§ **WHAT IS NEEDED**
Please output the data exactly, minus pictures.

(Entries taken from a collection)
···
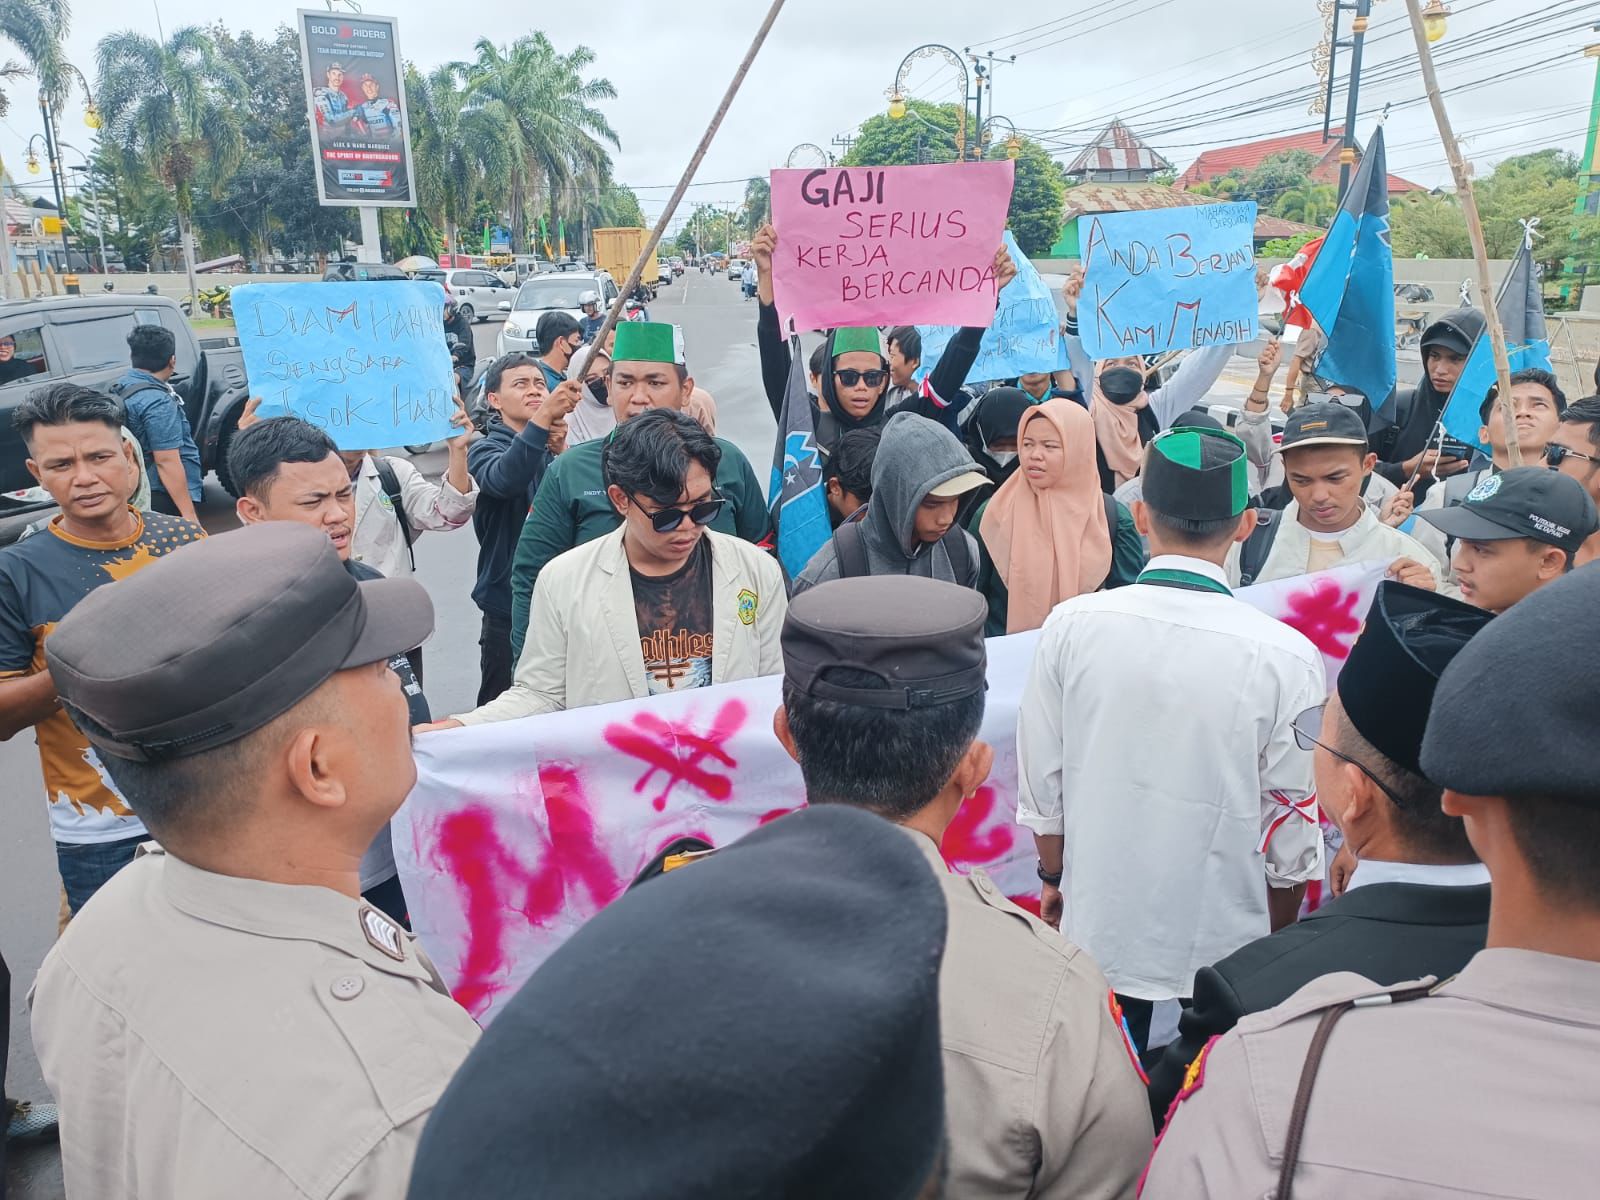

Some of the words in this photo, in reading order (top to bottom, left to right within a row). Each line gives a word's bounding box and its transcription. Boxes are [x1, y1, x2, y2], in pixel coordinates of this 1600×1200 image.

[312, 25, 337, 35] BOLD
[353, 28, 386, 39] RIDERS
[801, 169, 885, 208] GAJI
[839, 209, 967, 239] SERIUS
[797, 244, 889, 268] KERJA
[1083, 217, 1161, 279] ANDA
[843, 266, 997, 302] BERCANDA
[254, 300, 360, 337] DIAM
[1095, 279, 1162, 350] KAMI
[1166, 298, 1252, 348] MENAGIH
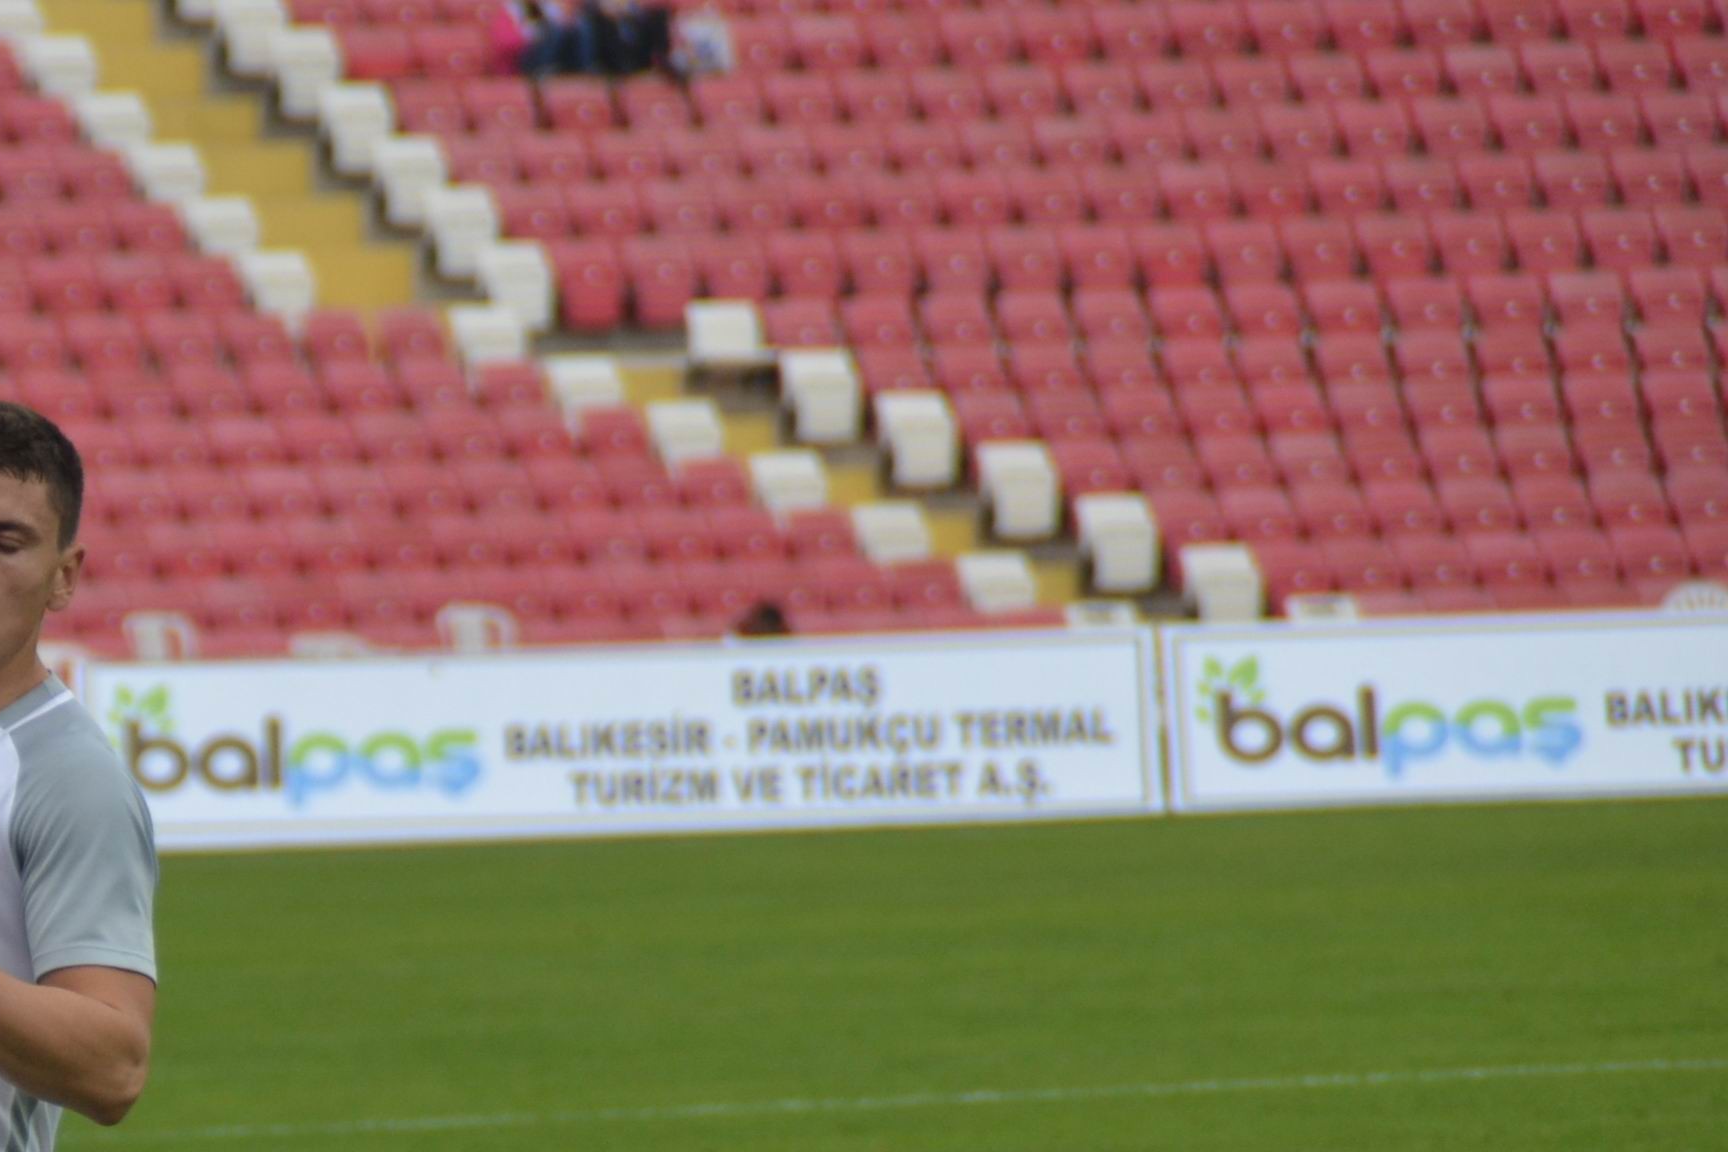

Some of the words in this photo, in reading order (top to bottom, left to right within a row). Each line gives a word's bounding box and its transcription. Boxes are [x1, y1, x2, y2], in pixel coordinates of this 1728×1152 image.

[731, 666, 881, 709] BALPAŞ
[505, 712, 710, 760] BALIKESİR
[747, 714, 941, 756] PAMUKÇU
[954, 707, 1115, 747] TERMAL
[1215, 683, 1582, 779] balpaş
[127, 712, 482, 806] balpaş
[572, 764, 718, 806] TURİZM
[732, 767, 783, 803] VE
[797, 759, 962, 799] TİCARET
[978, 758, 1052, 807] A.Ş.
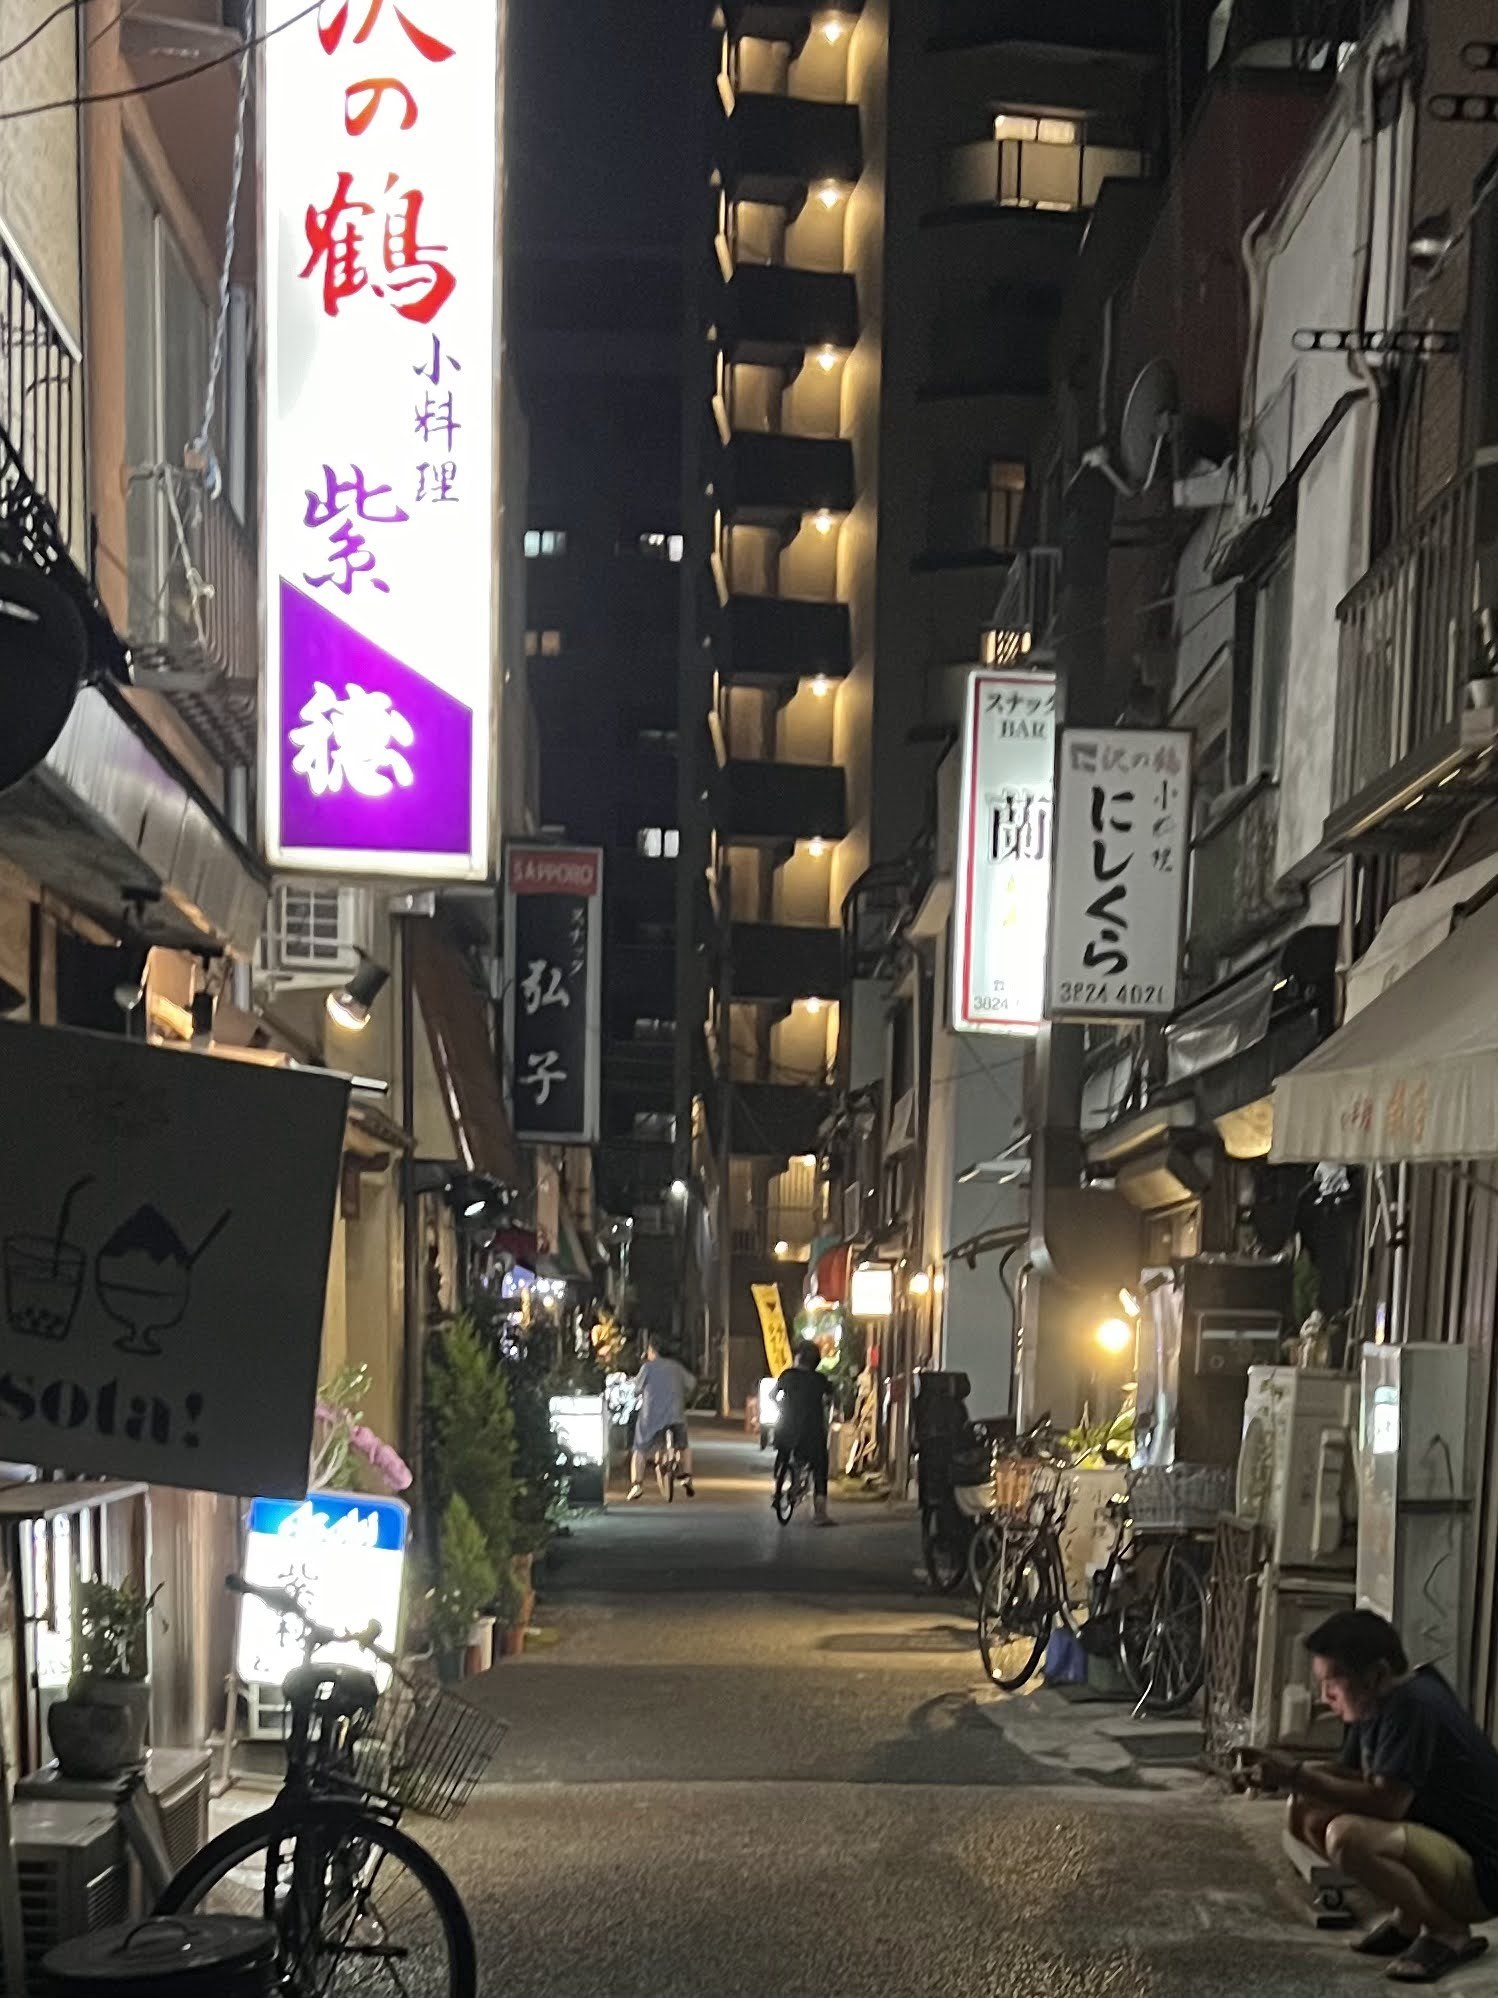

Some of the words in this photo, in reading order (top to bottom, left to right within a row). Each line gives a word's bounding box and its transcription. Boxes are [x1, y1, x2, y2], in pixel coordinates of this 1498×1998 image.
···
§ **TASK RESPONSE**
Some of the words in this photo, in reading order (top to bottom, left to right within a row). Each line gives a word's bounding box and its transcription. Boxes are [x1, y1, x2, y2], in pixel coordinates of this 1600×1200 image.

[312, 25, 337, 35] BOLD
[353, 28, 386, 39] RIDERS
[801, 169, 885, 208] GAJI
[839, 209, 967, 239] SERIUS
[797, 244, 889, 268] KERJA
[1083, 217, 1161, 279] ANDA
[843, 266, 997, 302] BERCANDA
[254, 300, 360, 337] DIAM
[1095, 279, 1162, 350] KAMI
[1166, 298, 1252, 348] MENAGIH

Some of the words in this photo, in reading order (top to bottom, left to right within a row). Each line gives a word's bounding box and its transcription. Boxes are [x1, y1, x2, y2], in pixel coordinates of this 1728×1152 image.

[731, 666, 881, 709] BALPAŞ
[505, 712, 710, 760] BALIKESİR
[747, 714, 941, 756] PAMUKÇU
[954, 707, 1115, 747] TERMAL
[1215, 683, 1582, 779] balpaş
[127, 712, 482, 806] balpaş
[572, 764, 718, 806] TURİZM
[732, 767, 783, 803] VE
[797, 759, 962, 799] TİCARET
[978, 758, 1052, 807] A.Ş.

Some of the words in this photo, in reading order (top to bottom, left to right within a row). Each line gives a word's bounding box and its transcription. Boxes are [x1, y1, x2, y2], in pixel coordinates of this 1498×1998 image.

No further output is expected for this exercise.